* _WHAT TO PRODUCE_
For the entries that appear below, write out the exact text and omit the pictures.

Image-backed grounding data
Start of Block

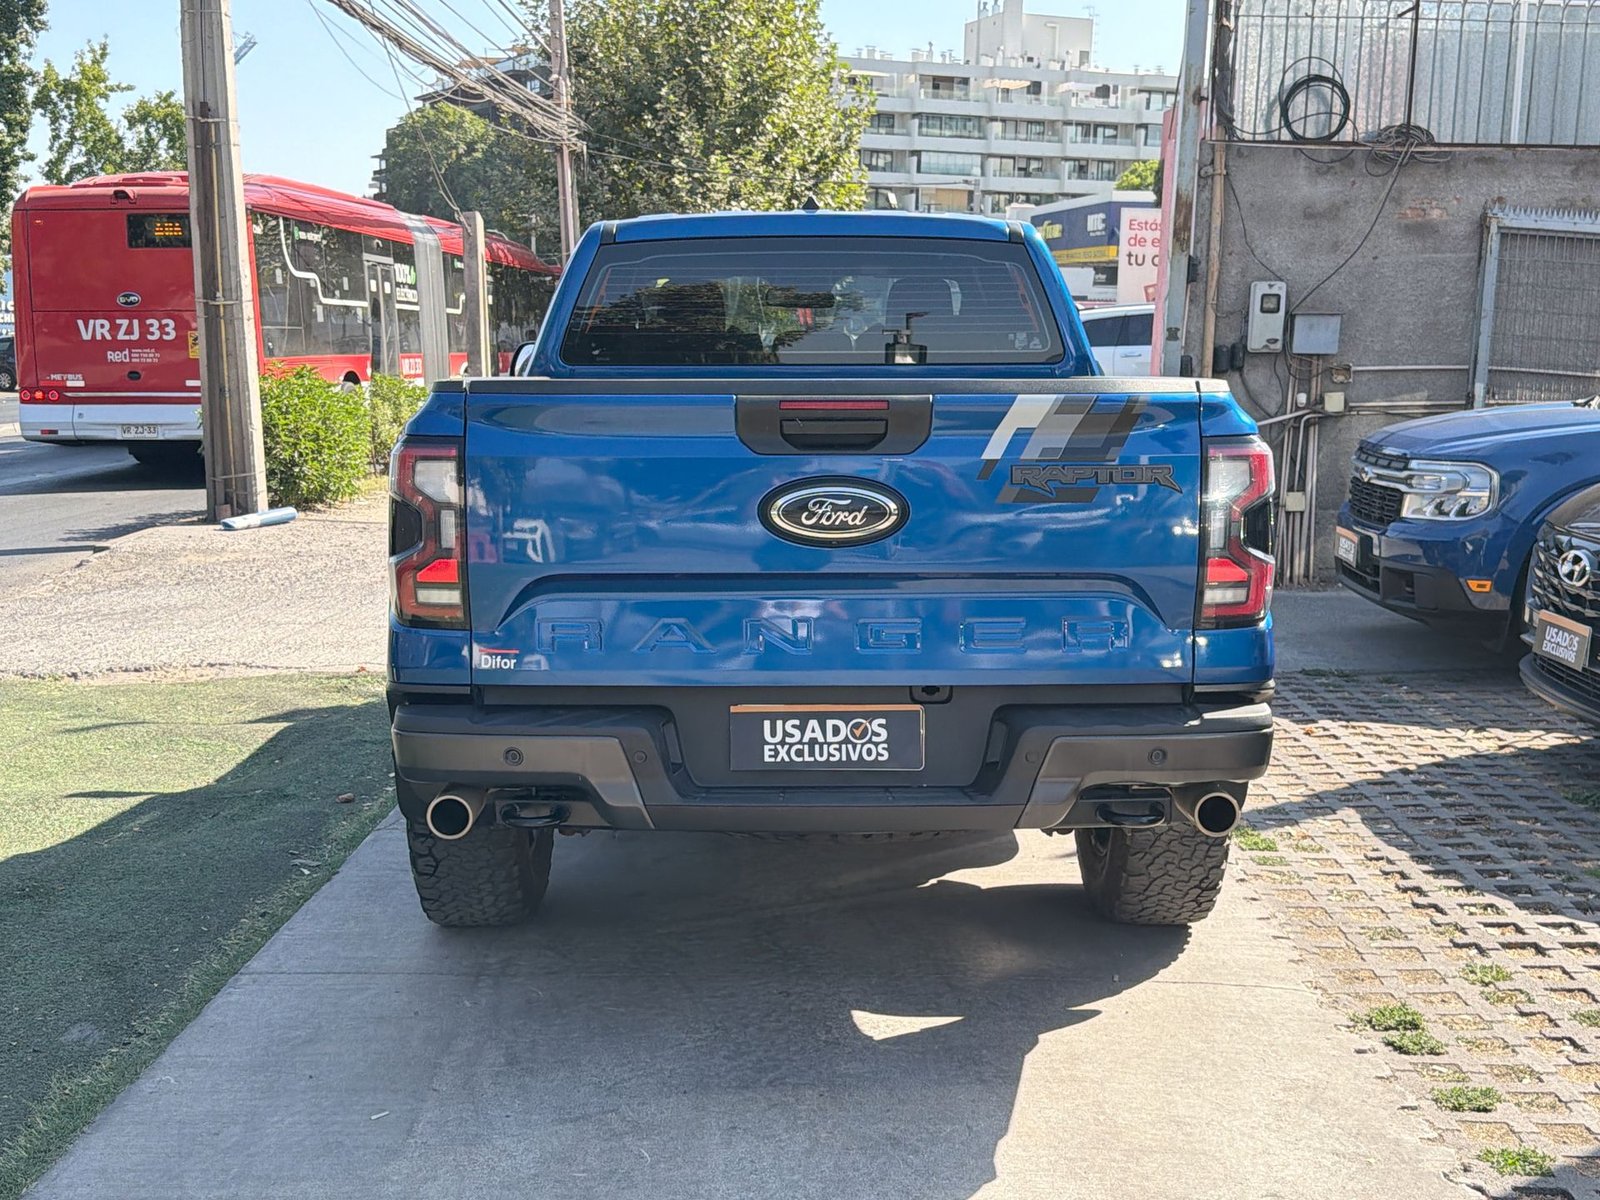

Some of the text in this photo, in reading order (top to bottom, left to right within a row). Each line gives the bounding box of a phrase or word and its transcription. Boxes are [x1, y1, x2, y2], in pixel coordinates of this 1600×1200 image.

[1127, 234, 1147, 247] de
[1126, 251, 1146, 266] tu
[76, 319, 177, 340] VR ZJ 33
[107, 348, 130, 363] Red
[1010, 464, 1184, 496] RAPTOR
[801, 498, 868, 526] Ford
[535, 617, 1129, 654] RANGER
[1545, 625, 1579, 652] USADOS
[481, 655, 517, 669] Difor
[763, 718, 888, 744] USADOS
[763, 743, 889, 762] EXCLUSIVOS

End of Block

* _RESULT BELOW_
Some of the text in this photo, in reading order (top to bottom, left to right within a row). Each line gives the bounding box of a phrase or word and its transcription. Boxes are [x1, y1, x2, y2], in pixel coordinates of this 1600×1200 image.

[1127, 234, 1147, 247] de
[1126, 251, 1146, 266] tu
[76, 319, 177, 340] VR ZJ 33
[107, 348, 130, 363] Red
[1010, 464, 1184, 496] RAPTOR
[801, 498, 868, 526] Ford
[535, 617, 1129, 654] RANGER
[1545, 625, 1579, 652] USADOS
[481, 655, 517, 669] Difor
[763, 718, 888, 744] USADOS
[763, 743, 889, 762] EXCLUSIVOS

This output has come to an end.